Added to the National Register of Historic Places March 23, 1995. NRIS 95000286.
9 contributing buildings. 1 contributing site.Also known as:
The Valmora Sanatorium Historic District, near Watrous, New Mexico, includes building(s) dating from 1910. It was listed as a historic district on the National Register of Historic Places in 1995. The listing included nine contributing buildings and a contributing site (a park), on 5 acres (2.0 ha).
It was a tuberculosis sanatorium complex which included a hospital and cottages for patients. Surviving buildings include the hospital (1920), a dining hall, a recreation hall, two of the original cottages, and a doctor's residence.
According to signatures in surviving architectural drawings, the hospital, built in 1920, was designed by architect F. Trent Thomas and associate Carlos Vierra, apparently of Rapp, Rapp and Hendrickson. According to the NRHP nomination, "Stylistically the hospital is an amalgam of California Mission Revival (towers, gable and hip roofs, overhanging eaves, inner courtyard) and the Spanish-Pueblo Revival (asymmetry, carved corbels, portals, heavy exposed lintels, buttresses, inner courtyard), all covered with the standing-seam metal roofs characteristic of the New Mexico Vernacular."

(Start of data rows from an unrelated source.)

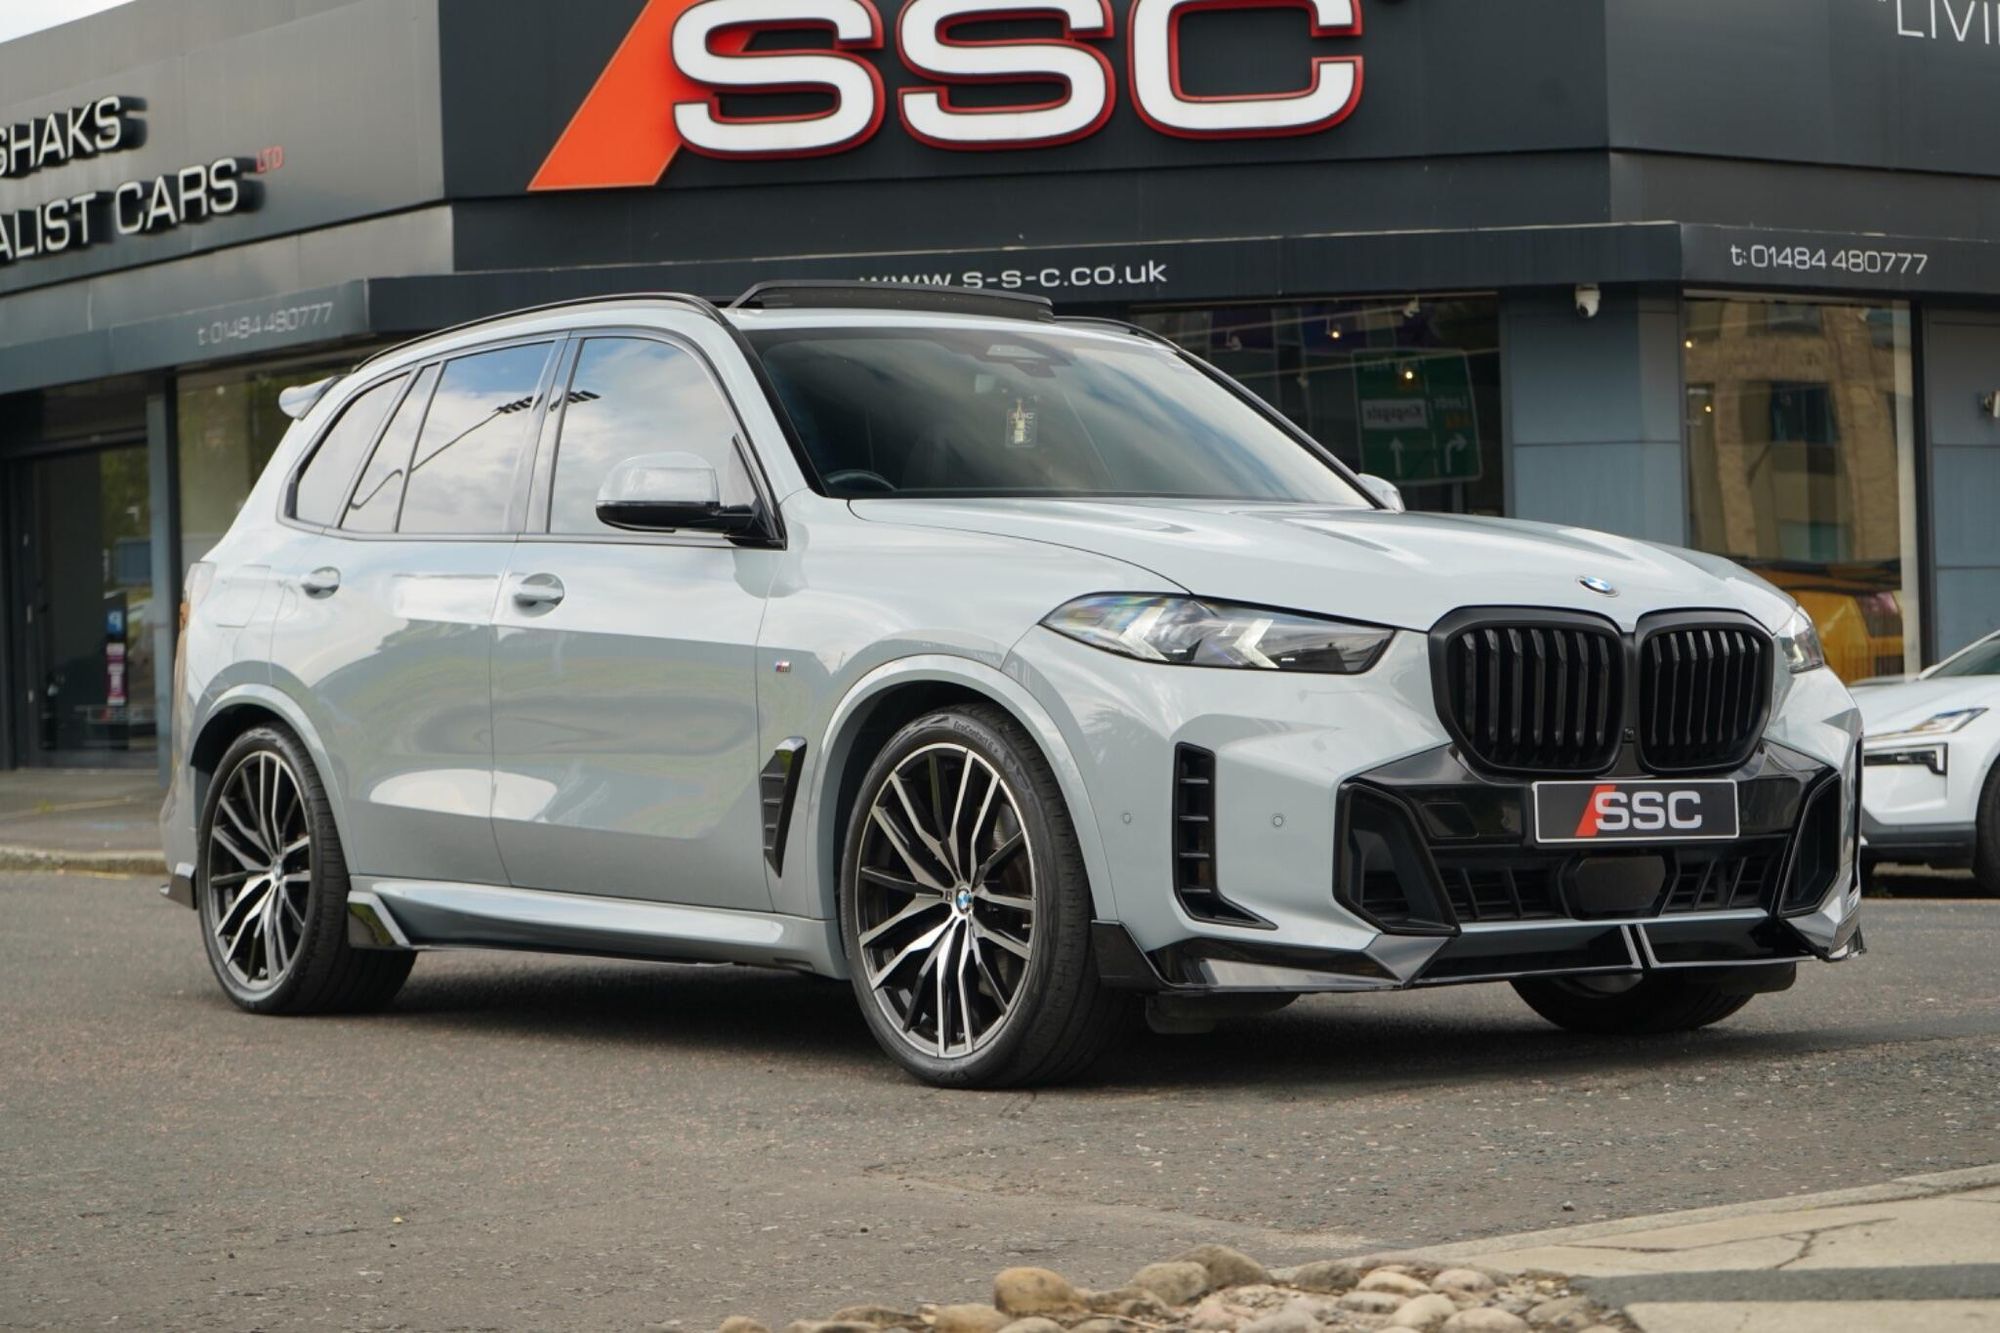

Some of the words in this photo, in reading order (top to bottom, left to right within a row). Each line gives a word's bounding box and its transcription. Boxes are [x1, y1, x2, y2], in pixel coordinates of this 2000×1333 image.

[1896, 0, 2000, 45] LIVI
[671, 0, 1363, 160] SSC
[114, 157, 239, 235] CARS
[256, 146, 284, 172] LTD
[1731, 244, 1827, 270] t:01484
[1831, 250, 1928, 275] 480777
[1595, 791, 1702, 831] SSC

It has also been known as Valmora Industrial Sanatorium and Valmora Medical Center, and more recently as Valmora, Inc. It still appears on maps as a small town and is further discussed on Wikipedia as Valmora, New Mexico
It is located on a creek, Wolf Creek, near its confluence with the Mora River, off New Mexico State Road 97, 4 miles (6.4 km) east of its junction with New Mexico State Road 161, northeast of Watrous.